Methods: The sample consisted of 860 UK male military personnel approximately half of who had sustained physical combat injuries in Afghanistan. HRV was measured via Root-Mean Square of Successive Differences (RMSSD) in normal heart beats and PTSD using a self-report questionnaire (Posttraumatic Checklist-Civilian version (PCL)). Associations between probable PTSD status (PCL score ≥ 50) and symptom clusters (avoidance behaviours, emotional numbing, hyperarousal and intrusive thoughts) with HRV were examined. Bootstrap inclusion frequencies and model averaging were employed prior to regression modelling to identify the most important symptom clusters associated with RMSSD.
Results: Probable PTSD status was not associated with log RMSSD [-11.6 % (95 % Confidence Interval (CI) -22.2 %, 4.1 %).

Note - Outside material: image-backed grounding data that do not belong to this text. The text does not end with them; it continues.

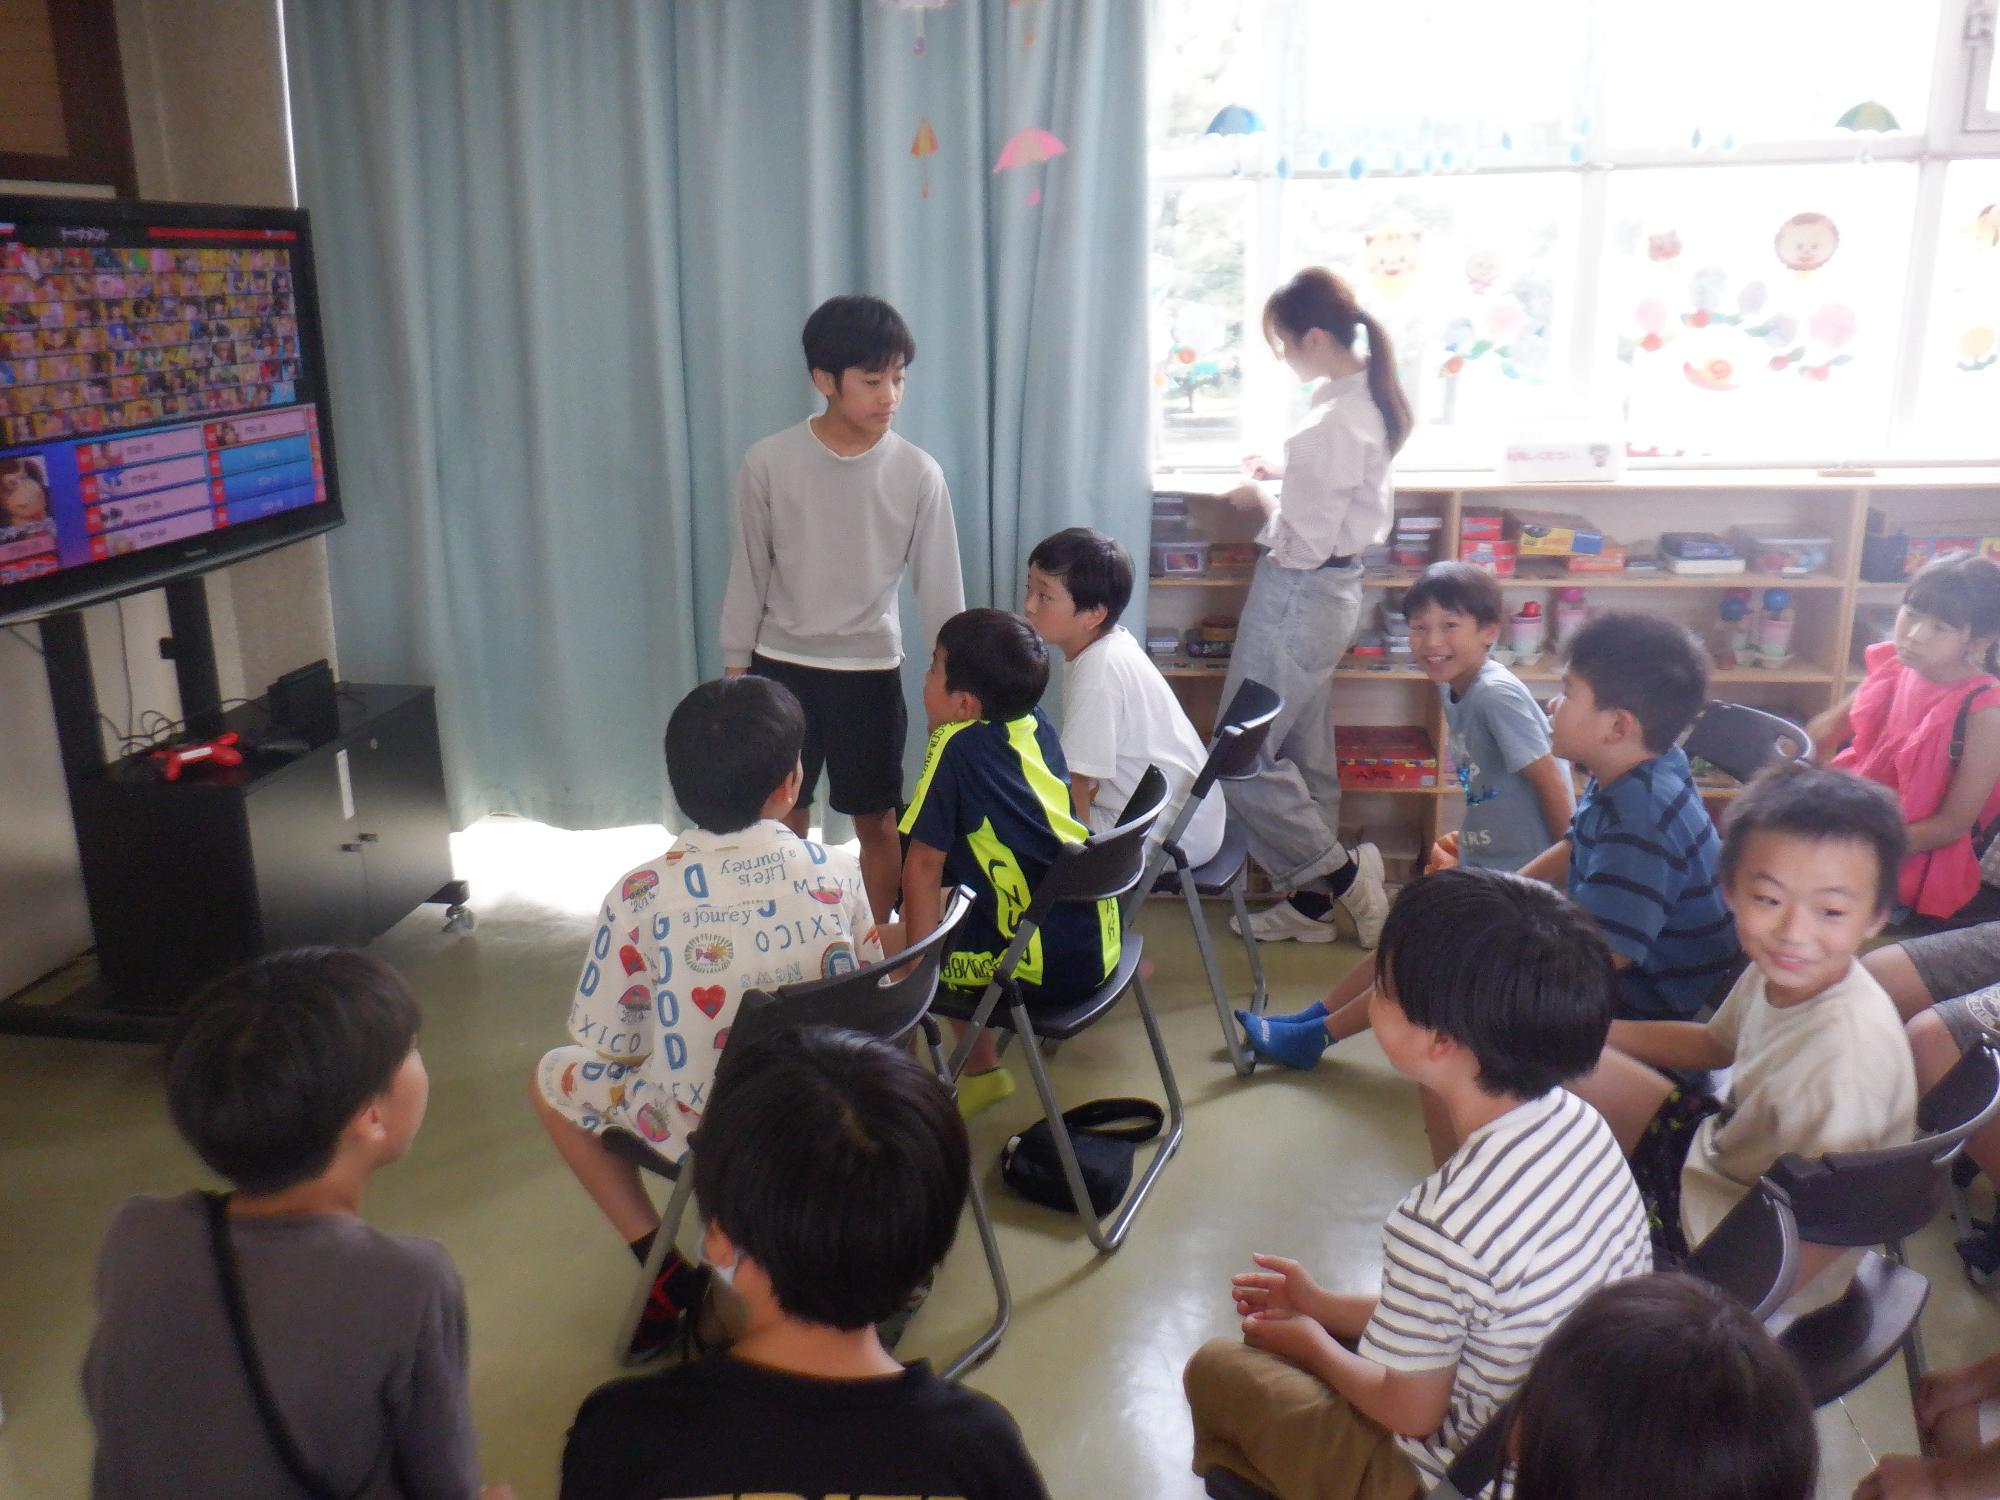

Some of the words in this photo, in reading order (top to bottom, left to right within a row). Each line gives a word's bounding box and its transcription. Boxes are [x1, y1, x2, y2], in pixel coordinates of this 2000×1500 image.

[721, 846, 786, 874] journey
[738, 873, 751, 887] is
[753, 864, 786, 885] Life
[692, 907, 753, 928] jourey
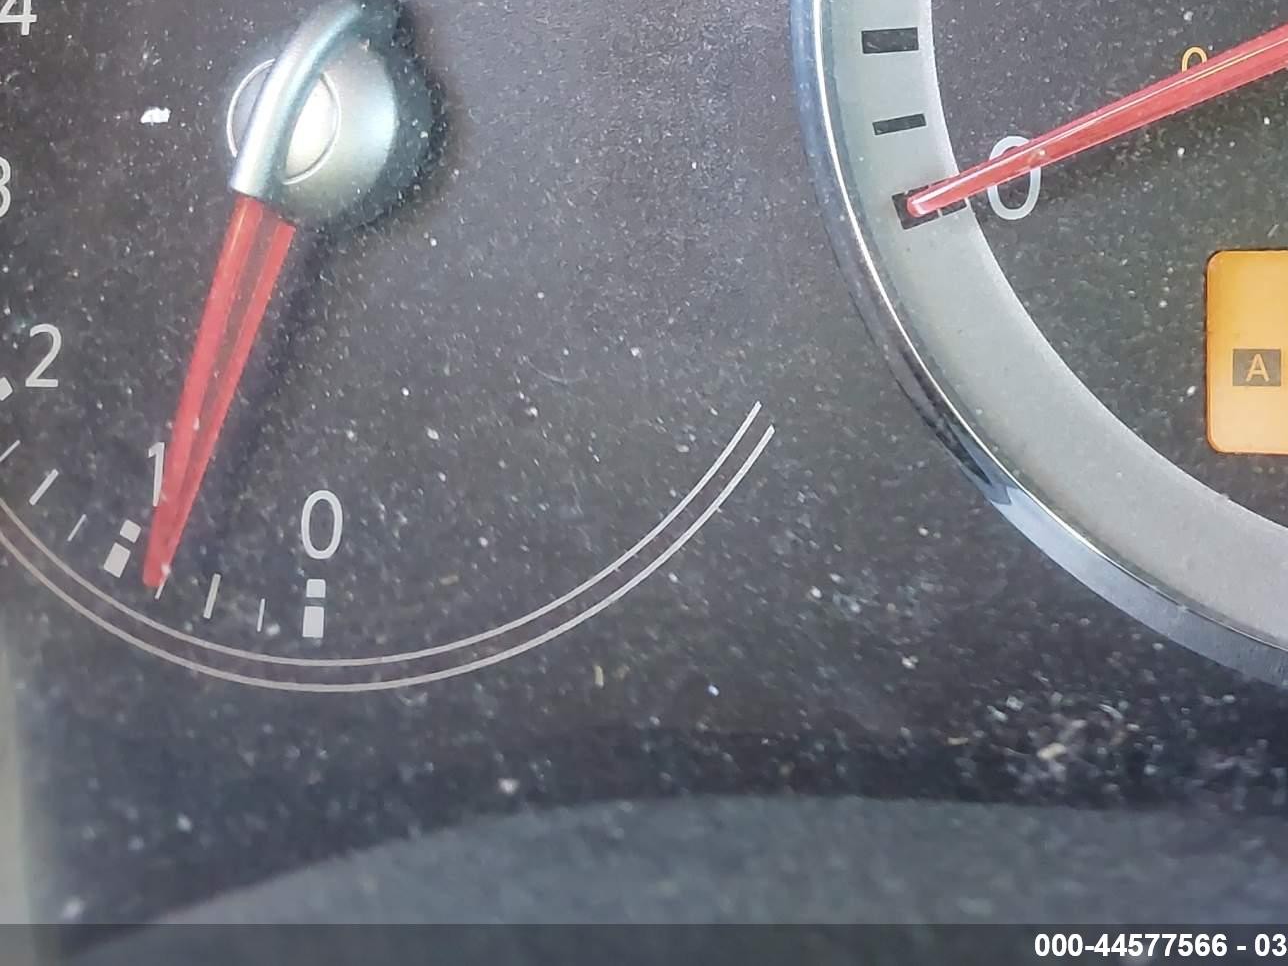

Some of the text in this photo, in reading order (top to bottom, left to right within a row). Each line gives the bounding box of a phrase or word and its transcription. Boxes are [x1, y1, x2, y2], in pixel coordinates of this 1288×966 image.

[986, 135, 1042, 221] 0
[24, 323, 63, 389] 2
[1245, 353, 1271, 382] A
[301, 489, 344, 560] 0

Increases in severity of emotional numbing were associated with reductions in RMSSD, with a - 1.1 % (95%CI -2.1 %, -0.2 %) decrease in the geometric mean of RMSSD per point increase on the emotional numbing subscale.
Limitations: High levels of comorbidity with depression/anxiety; possible endogeneity/bidirectionality due to PCL including both psychological and physiological symptoms.
Conclusions: Emotional numbing, the symptom cluster including symptoms such as anhedonia, cognitive dysregulation and feeling distant from other people, was associated with HRV whilst overall PTSD status was not. These results lend support to the hypothesis that different PTSD symptom clusters may have unique effects on the cardiovascular system, and that particular symptom clusters of PTSD or combinations thereof may be associated with distinctive cardiovascular profiles.